Records excerpted from a collection
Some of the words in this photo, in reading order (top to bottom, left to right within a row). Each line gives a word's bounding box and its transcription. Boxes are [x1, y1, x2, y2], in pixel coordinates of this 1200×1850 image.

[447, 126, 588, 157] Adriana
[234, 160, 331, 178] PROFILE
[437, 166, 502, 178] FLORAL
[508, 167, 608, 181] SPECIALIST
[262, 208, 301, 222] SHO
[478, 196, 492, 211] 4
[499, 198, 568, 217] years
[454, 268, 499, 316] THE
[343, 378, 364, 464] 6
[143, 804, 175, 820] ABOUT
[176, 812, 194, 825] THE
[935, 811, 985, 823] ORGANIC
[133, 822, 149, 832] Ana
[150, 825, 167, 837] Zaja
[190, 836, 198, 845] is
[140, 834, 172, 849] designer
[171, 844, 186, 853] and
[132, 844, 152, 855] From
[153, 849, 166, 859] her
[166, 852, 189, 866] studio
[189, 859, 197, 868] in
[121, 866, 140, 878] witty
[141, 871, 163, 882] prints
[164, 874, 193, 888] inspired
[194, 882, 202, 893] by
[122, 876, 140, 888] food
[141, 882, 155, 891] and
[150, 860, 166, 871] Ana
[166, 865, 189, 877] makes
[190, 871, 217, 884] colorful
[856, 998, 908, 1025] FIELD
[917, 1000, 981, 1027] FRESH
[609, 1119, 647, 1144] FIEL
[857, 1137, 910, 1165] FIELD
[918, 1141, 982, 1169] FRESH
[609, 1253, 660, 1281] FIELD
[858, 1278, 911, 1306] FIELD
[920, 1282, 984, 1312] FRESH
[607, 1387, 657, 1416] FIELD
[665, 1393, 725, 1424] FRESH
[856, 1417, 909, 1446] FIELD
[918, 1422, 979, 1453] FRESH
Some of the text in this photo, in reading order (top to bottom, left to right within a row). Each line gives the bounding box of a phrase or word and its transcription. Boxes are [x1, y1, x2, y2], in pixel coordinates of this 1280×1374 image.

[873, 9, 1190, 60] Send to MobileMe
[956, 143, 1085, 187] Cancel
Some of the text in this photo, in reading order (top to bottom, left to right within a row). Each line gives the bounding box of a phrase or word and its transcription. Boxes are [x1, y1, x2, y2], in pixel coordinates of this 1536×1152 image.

EXERCISE DESCRIPTION — Could you retype every record above exactly as given?

RESPONSE —
Some of the words in this photo, in reading order (top to bottom, left to right within a row). Each line gives a word's bounding box and its transcription. Boxes are [x1, y1, x2, y2], in pixel coordinates of this 1200×1850 image.

[447, 126, 588, 157] Adriana
[234, 160, 331, 178] PROFILE
[437, 166, 502, 178] FLORAL
[508, 167, 608, 181] SPECIALIST
[262, 208, 301, 222] SHO
[478, 196, 492, 211] 4
[499, 198, 568, 217] years
[454, 268, 499, 316] THE
[343, 378, 364, 464] 6
[143, 804, 175, 820] ABOUT
[176, 812, 194, 825] THE
[935, 811, 985, 823] ORGANIC
[133, 822, 149, 832] Ana
[150, 825, 167, 837] Zaja
[190, 836, 198, 845] is
[140, 834, 172, 849] designer
[171, 844, 186, 853] and
[132, 844, 152, 855] From
[153, 849, 166, 859] her
[166, 852, 189, 866] studio
[189, 859, 197, 868] in
[121, 866, 140, 878] witty
[141, 871, 163, 882] prints
[164, 874, 193, 888] inspired
[194, 882, 202, 893] by
[122, 876, 140, 888] food
[141, 882, 155, 891] and
[150, 860, 166, 871] Ana
[166, 865, 189, 877] makes
[190, 871, 217, 884] colorful
[856, 998, 908, 1025] FIELD
[917, 1000, 981, 1027] FRESH
[609, 1119, 647, 1144] FIEL
[857, 1137, 910, 1165] FIELD
[918, 1141, 982, 1169] FRESH
[609, 1253, 660, 1281] FIELD
[858, 1278, 911, 1306] FIELD
[920, 1282, 984, 1312] FRESH
[607, 1387, 657, 1416] FIELD
[665, 1393, 725, 1424] FRESH
[856, 1417, 909, 1446] FIELD
[918, 1422, 979, 1453] FRESH
Some of the text in this photo, in reading order (top to bottom, left to right within a row). Each line gives the bounding box of a phrase or word and its transcription. Boxes are [x1, y1, x2, y2], in pixel coordinates of this 1280×1374 image.

[873, 9, 1190, 60] Send to MobileMe
[956, 143, 1085, 187] Cancel
Some of the text in this photo, in reading order (top to bottom, left to right within a row). Each line gives the bounding box of a phrase or word and its transcription. Boxes are [x1, y1, x2, y2], in pixel coordinates of this 1536×1152 image.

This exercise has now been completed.